What the exercise asks:
When you come to a picture, pass over it, and set down the entries below exactly.

Records for this task:

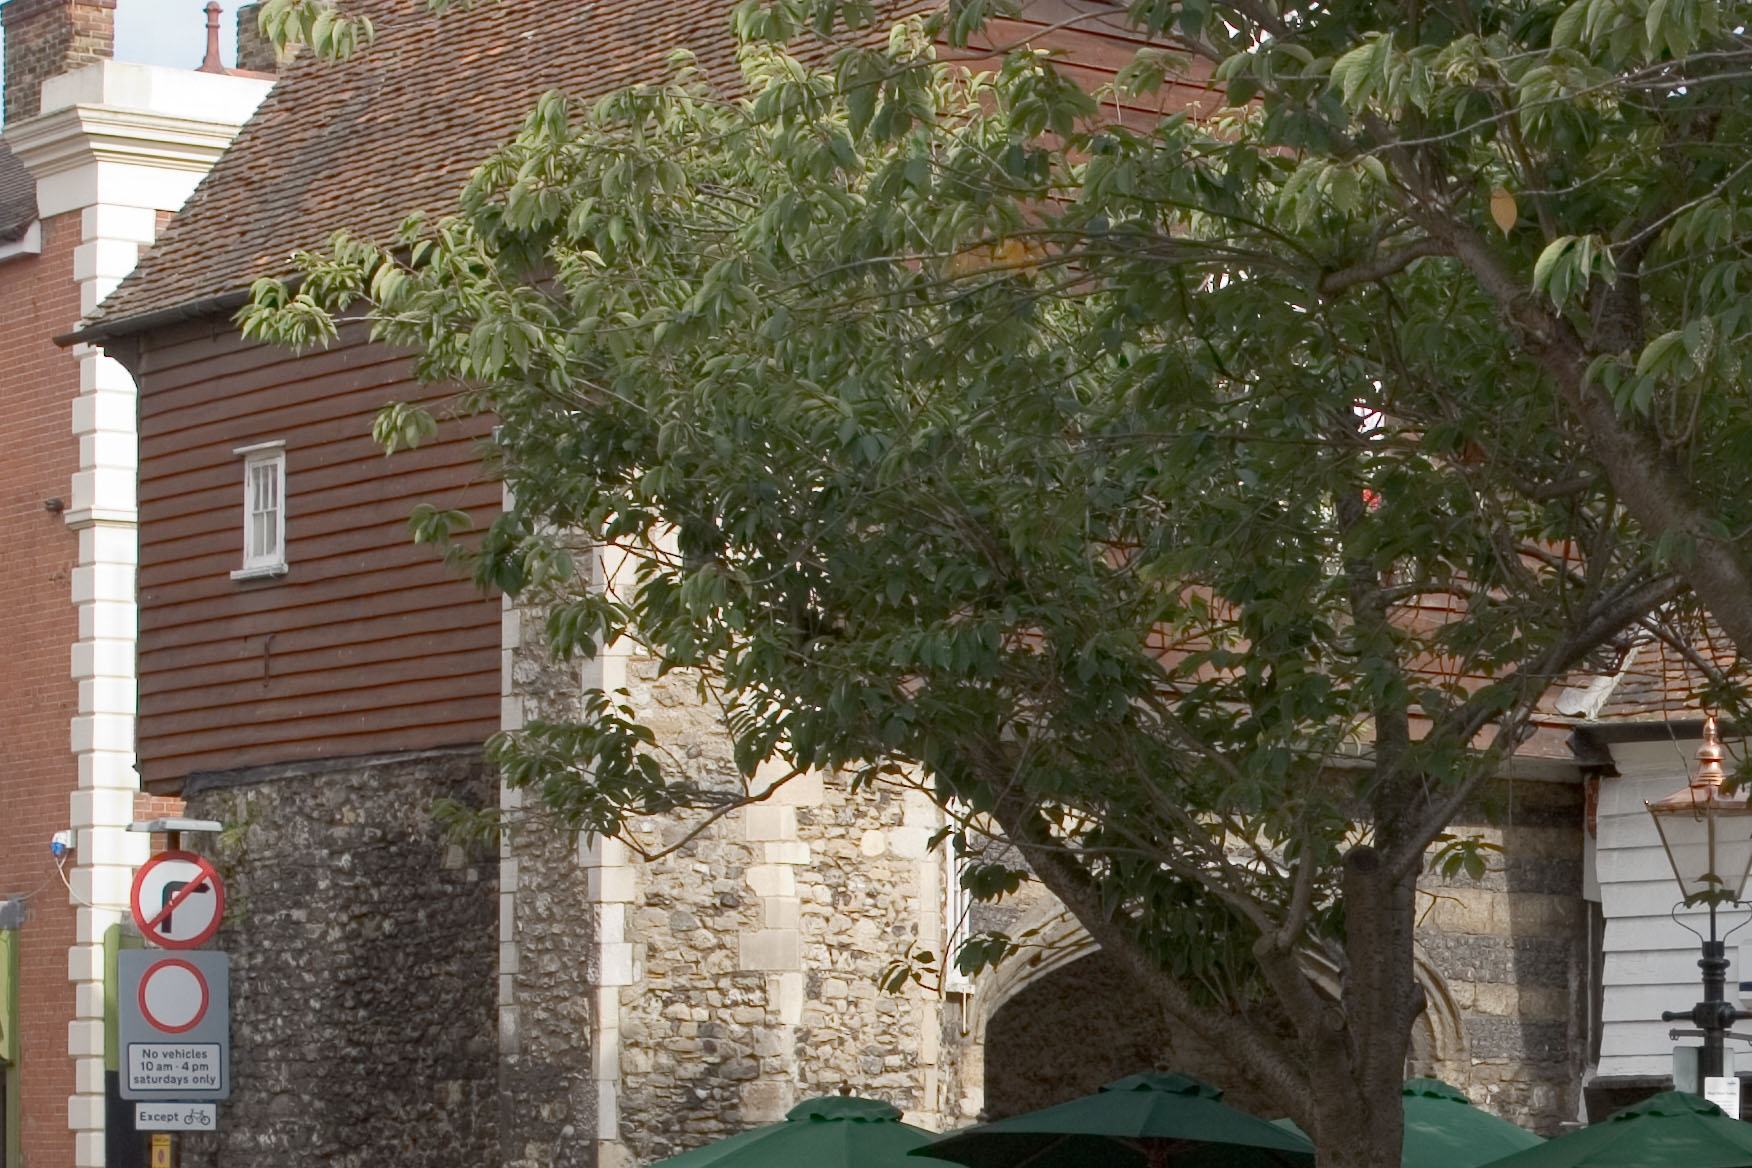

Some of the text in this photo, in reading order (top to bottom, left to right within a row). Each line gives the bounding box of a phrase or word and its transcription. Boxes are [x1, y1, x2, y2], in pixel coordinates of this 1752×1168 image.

[142, 1049, 208, 1059] No vehicles
[141, 1061, 154, 1072] 10
[156, 1063, 173, 1072] am
[182, 1061, 189, 1072] 4
[192, 1063, 209, 1074] pm
[134, 1074, 217, 1086] saturdays only
[140, 1111, 180, 1123] Except

Response area:
Some of the text in this photo, in reading order (top to bottom, left to right within a row). Each line gives the bounding box of a phrase or word and its transcription. Boxes are [x1, y1, x2, y2], in pixel coordinates of this 1752×1168 image.

[142, 1049, 208, 1059] No vehicles
[141, 1061, 154, 1072] 10
[156, 1063, 173, 1072] am
[182, 1061, 189, 1072] 4
[192, 1063, 209, 1074] pm
[134, 1074, 217, 1086] saturdays only
[140, 1111, 180, 1123] Except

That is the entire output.